Matt: I think you're probably talking about a chatbot that Microsoft brought out in 2016 called Tay. Tay was supposed to tweet in the style of a 19 year old American woman but lasted 16 hours before she started tweeting really hate crime, racist, sexist material denying the Holocaust, that sort of thing and the really interesting point there is that was unintended behaviour.

Now I can give you examples of intended behaviour where AI does wrong. So for example in 2014 a Swiss art group developed a robot which made random purchases on the so-called Darknet and they gave it a weekly allowance of $100 worth of Bitcoin and off it went and it bought ecstasy pills, counterfeit goods, a Hungarian passport before the whole lot, the robot and the purchases, were confiscated by the Police.

David: So there is some distance to go then for it being totally intelligent then because those sound like some big challenges to come.

Matt: Really the big problem with machine learning, as opposed to expert systems, is whereas an expert system is supposed to have your world view, it's supposed to accept the facts that you accept as facts, the basis for how you reach your decisions. Machine learning just has no general knowledge and has no common sense whatsoever and it's only trained to do one thing and that's the only thing it can do.

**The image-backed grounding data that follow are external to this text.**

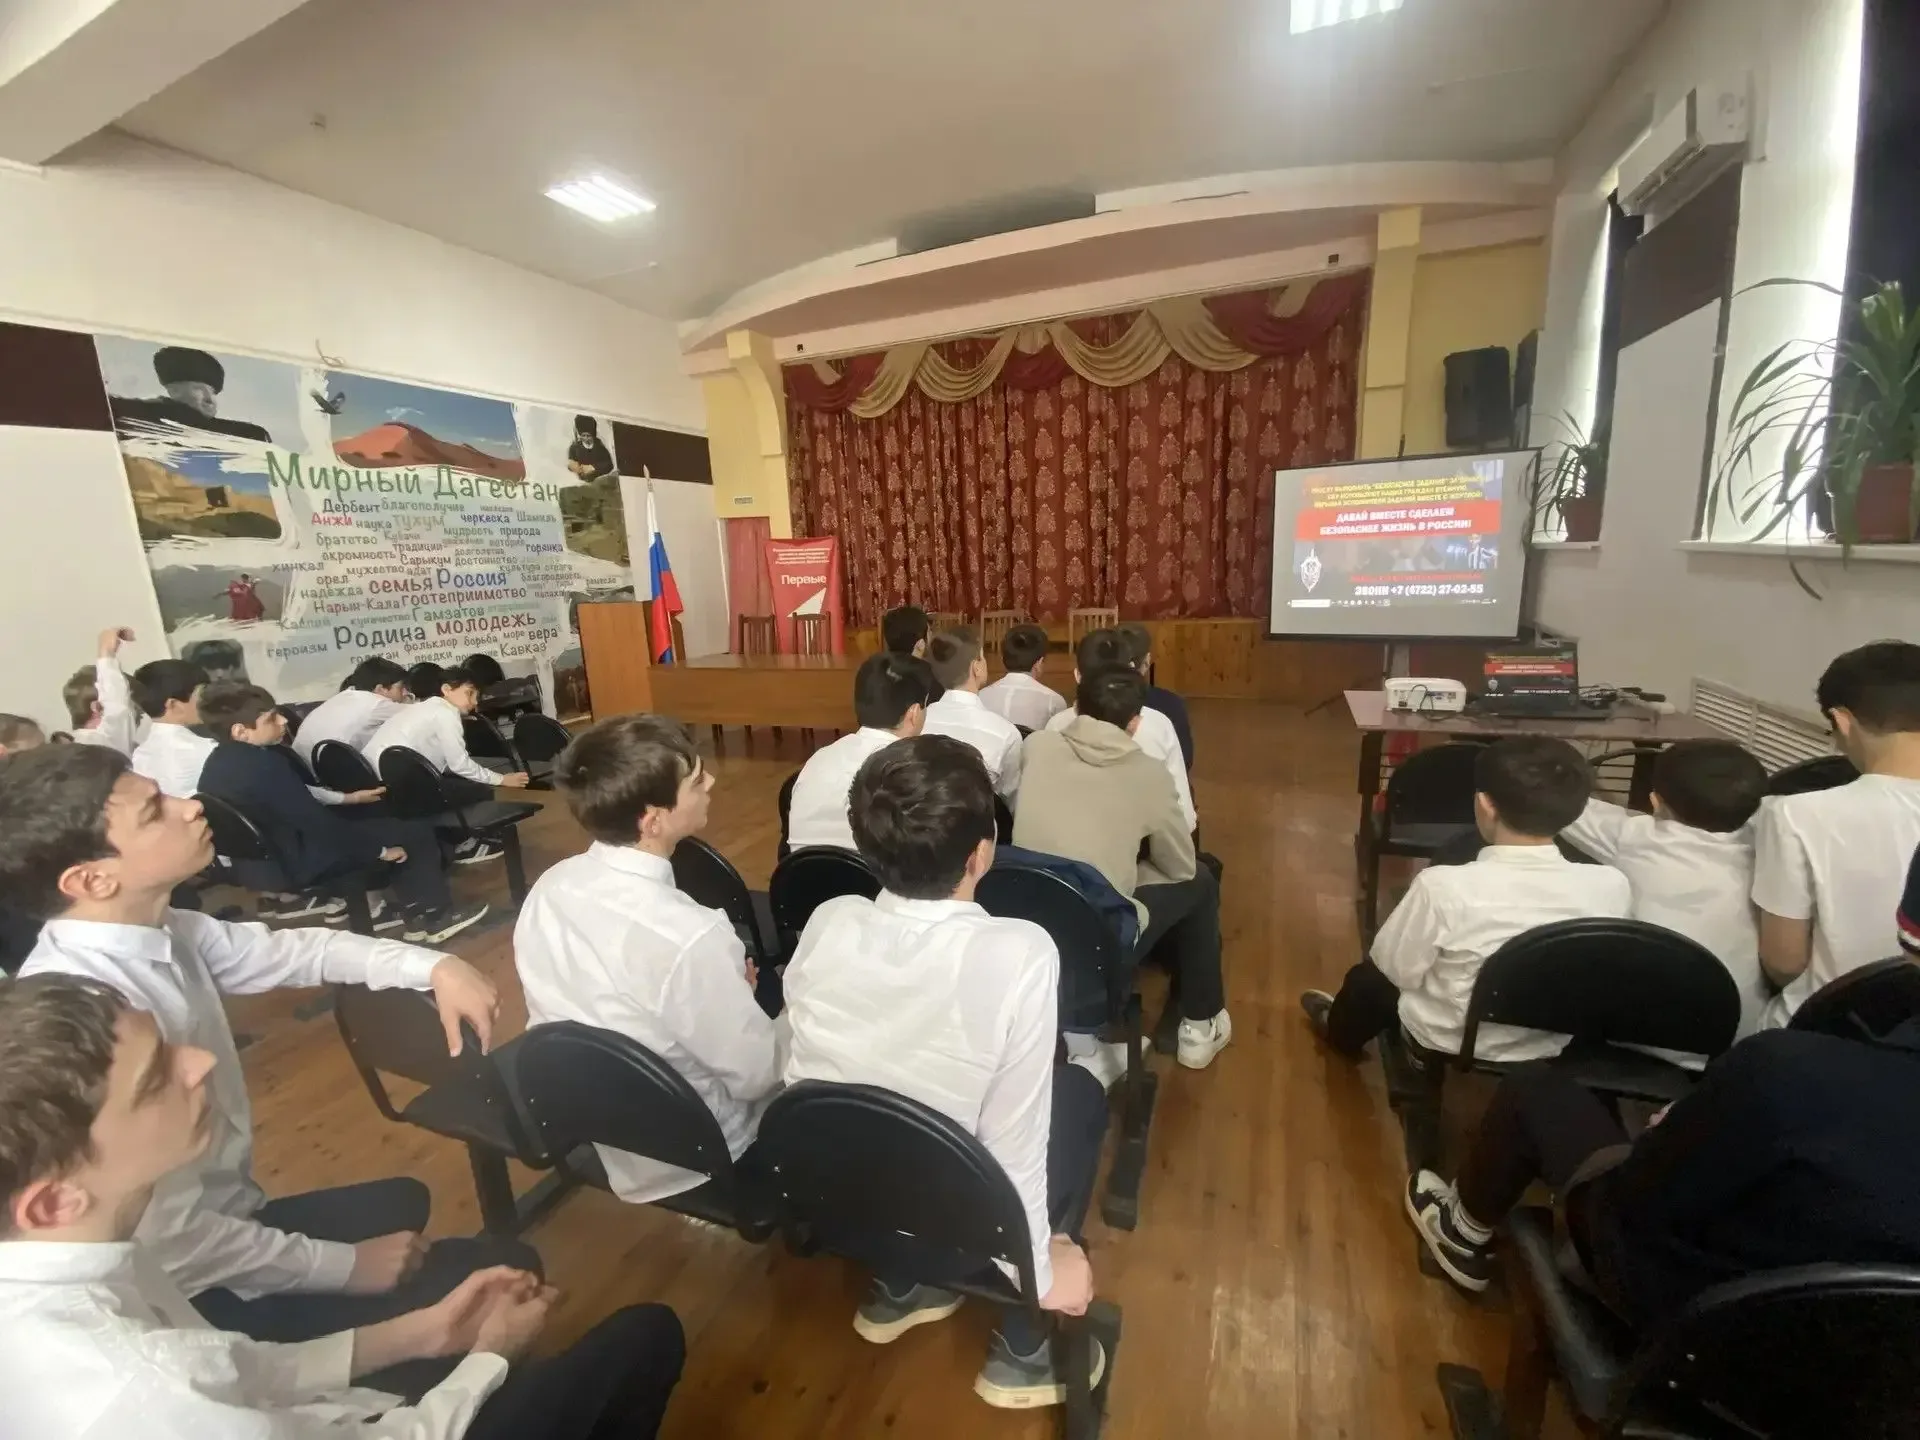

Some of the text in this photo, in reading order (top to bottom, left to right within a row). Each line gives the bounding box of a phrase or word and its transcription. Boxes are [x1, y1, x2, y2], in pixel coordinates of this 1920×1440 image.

[265, 451, 559, 503] Мирный Дагестан
[322, 498, 381, 516] Дербент
[380, 497, 465, 516] благополучие
[311, 512, 353, 526] Анжи
[461, 511, 511, 526] черкеска
[1336, 507, 1455, 523] ДАВАЙ ВМЕСТЕ СДЕЛАЕМ
[355, 519, 393, 532] наука
[444, 526, 494, 539] мудрость
[500, 526, 541, 539] природа
[1380, 521, 1416, 533] ЖИЗНЬ
[1418, 521, 1426, 531] В
[1427, 519, 1472, 530] РОССИИ!
[316, 532, 378, 549] братство
[322, 550, 397, 564] скромность
[526, 543, 564, 556] горянка
[272, 561, 324, 573] хинкал
[400, 553, 452, 567] Сарыкум
[454, 556, 519, 567] достоинство
[346, 565, 405, 578] мужество
[436, 567, 507, 588] Россия
[316, 573, 350, 588] орел
[369, 577, 433, 594] семья
[781, 574, 827, 588] Первые
[300, 585, 364, 600] надежда
[401, 587, 526, 608] гостеприимство
[313, 598, 400, 616] Нарын-Кала
[411, 605, 485, 622] Гамзатов
[436, 612, 536, 636] молодежь
[333, 624, 426, 650] Родина
[464, 634, 498, 648] борьба
[503, 630, 525, 641] море
[528, 627, 558, 644] вера
[266, 643, 328, 662] героизм
[403, 636, 458, 655] фольклор
[500, 642, 547, 657] Кавказ
[414, 650, 452, 663] предки

To give you a wonderful example, in 2001 DARPA sponsored the first self-driving competition and among the entrants was a self-driving vehicle built on a 15 tonne military truck and this truck leaves the start line and approaches a piece of tumbleweed. Now you or I with any common sense, any human on earth would know they could drive over it. The 15 tonne truck doesn't know this and decides to reverse. Meanwhile it's sensors realise that another piece of tumbleweed has rolled behind it and it's now stuck for the rest of the race.

David: Now you're an IP lawyer ultimately Matt, so what about the IP issues presented by AI?

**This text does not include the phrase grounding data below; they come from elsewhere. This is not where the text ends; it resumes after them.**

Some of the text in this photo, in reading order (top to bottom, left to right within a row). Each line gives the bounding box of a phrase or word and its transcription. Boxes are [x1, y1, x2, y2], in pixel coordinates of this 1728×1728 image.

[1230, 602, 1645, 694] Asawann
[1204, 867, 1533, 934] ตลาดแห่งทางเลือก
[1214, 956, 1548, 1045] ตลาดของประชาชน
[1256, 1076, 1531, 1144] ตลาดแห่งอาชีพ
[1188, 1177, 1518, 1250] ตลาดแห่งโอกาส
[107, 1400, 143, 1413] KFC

Matt: New techniques in AI are potentially patentable so that's wonderful, but the really interesting point is AI is increasingly being used, at least in research to generate poetry, to generate art, to generate new news reportage that sort of thing and should these be copyright works and there's no standard approach around the world. So to give you two examples in the UK actually computer generated works had been copyright for years, but in the US the officer's advice there is that a machine that works automatically cannot produce a copyright work.

David: So AI must present some cyber security issues?

Matt: So cyber security is an issue for any IT application, but particularly when you're talking about an autonomous robot and particularly self-driving car or a care robot and that's really got the European Parliament twitching. To take self-driving cars as an example, a manufacturer has to make sure that every single component in a complex vehicle is secure and these components come from many suppliers and even if you get through all the hard layer and all of the software secure these cars then still rely on external data, so they rely on GPS, so location data and they are planned to rely on data shared by other cars, so where another car is, what it's speed is and the like. If that data can be faked then the car can be tricked and if the car can be tricked we have real dangers, the car can be stolen automatically, it could be caused to crash or it could even take someone hostage. So the UK Government has recently published principles for cyber security, as it applies to autonomous vehicles, and they're serious principles. To give you a flavour it says this must be led from the board, it's a board level issue cyber security, and frankly unlike a lot of operating systems one might mention another principle is that you have to guarantee security or work on security for the lifetime of the product.

David: Yeah so it doesn't just become obsolete after a couple of years.

Matt: Well in theory what we may see is that private ownership will go away anyway. So actually manufacturers will be removing obsolete technology and that won't in fact be a practical problem.

David: Fascinating. Thank you very much for that.